The documentary Dutch Cocaine Factory is a secret history in lines and layers captured on tape.

By Steve Korver, 06-03-2008, Amsterdam Weekly

     
AmsterdamWeekly_Issue10_6Ma‘I call it a pro-paranoia,’ says film-maker Jeanette Groenendaal over a cup of tea in her first floor apartment at the bottom of Oudezijds Voorburgwal. And it’s certainly not paranoia but fact that her living room offers an excellent view on the long history of cocaine in Amsterdam.

‘See the bridge?’ She points to the right. There are drug deals going on there all the time. But that’s always been normal for this neighbourhood. Even now, when the city is busy making a museum of this area and trying to control everything with hundreds of security cameras… Oh wait, and see that guy! In the smart suit? He’s a real big user. An artist.’ She laughs.

‘And see that building,’ she points left towards Zeedijk 16 on the corner of Kolksluis. ‘That was the home and office of the doctor Jose Alvarez, one of the first big importers of coca leaves during the late 19th century. There he had a laboratory where he made and sold all his medicines. Even the canal water itself tells a cocaine story. They use them to measure the changing rates of cocaine use by a test that identifies a special acid released in the urine.’

Groenendaal premiered her ‘docutective’, Dutch Cocaine Factory, at the IDFA festival last November and its success now has it touring the country with a stop-off in Amsterdam on 8 March.

‘I was originally inspired to make the film by my rich friend Arend, who has been high on cocaine for forty years. He was just a guy enjoying the Dutch liberal drug policy—you know, the Herman Brood generation. Only difference is that Arend is still alive. But things change fast. Suddenly in this new society, where everything is controlled and checked, he became a suspect.’ Arend’s eventual arrest, which was documented by the 16 security cameras he had installed in his house, forms the compelling introduction to the film.

While having all those cameras might be a sign of his paranoia, a friend thinks differently: ‘I wouldn’t call him paranoid.
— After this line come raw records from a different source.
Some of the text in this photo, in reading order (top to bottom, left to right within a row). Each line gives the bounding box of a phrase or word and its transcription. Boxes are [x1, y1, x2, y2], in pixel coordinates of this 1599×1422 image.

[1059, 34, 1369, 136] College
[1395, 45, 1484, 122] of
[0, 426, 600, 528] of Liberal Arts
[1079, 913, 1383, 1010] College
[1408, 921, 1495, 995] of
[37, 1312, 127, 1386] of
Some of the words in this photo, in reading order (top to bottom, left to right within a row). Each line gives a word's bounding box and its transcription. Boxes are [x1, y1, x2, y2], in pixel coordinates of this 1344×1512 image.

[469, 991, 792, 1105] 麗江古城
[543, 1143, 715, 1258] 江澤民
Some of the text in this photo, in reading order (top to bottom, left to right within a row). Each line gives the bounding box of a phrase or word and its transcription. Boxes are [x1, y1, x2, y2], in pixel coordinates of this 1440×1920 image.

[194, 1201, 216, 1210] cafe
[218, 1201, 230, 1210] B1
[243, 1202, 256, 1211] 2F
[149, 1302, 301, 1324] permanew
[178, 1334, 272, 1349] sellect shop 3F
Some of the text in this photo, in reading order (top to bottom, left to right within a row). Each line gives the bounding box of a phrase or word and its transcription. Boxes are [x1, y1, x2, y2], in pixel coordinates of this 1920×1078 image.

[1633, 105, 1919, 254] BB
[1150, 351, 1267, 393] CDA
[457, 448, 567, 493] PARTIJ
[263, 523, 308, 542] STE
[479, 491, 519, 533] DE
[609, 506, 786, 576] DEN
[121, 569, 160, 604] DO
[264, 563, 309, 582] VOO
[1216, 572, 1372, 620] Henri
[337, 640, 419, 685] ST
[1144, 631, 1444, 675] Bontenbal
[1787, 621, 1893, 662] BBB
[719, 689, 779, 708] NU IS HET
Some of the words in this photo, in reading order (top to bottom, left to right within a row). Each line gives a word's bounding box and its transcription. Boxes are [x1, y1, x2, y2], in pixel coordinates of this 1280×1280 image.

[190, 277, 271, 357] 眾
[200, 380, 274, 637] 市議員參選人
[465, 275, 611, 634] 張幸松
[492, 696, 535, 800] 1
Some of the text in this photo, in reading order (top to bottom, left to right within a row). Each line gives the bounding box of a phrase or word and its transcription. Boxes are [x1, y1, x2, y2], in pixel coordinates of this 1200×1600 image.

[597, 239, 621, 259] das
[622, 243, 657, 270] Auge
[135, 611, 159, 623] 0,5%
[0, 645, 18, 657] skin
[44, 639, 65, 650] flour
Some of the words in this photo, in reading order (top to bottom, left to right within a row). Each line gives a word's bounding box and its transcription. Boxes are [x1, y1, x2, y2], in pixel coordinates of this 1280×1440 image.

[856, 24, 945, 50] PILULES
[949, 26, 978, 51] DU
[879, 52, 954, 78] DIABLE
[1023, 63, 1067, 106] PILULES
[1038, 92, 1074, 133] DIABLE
He’s more of an observer of society. And since he’s been high for so long, he has a very interesting philosophy on observing society.’

‘But when I went to his trial, I did get paranoid. There I saw all these transcripts of telephone conversations I had with him as a friend. Word for word. And meanwhile, I’m living in a district with hundreds of cameras. So I started to make connections and decided to do more research and take my camera with me.’

And lucky for the viewer, Groenendaal’s research went beyond just talking with the quite scary-looking Arend, currently out of prison. She learns from criminal lawyer Leon van Kleef about the Netherlands being the most wire-tapped country in the world and the extent he has to go to guarantee a private conversation—his favoured technique is attending tango salons.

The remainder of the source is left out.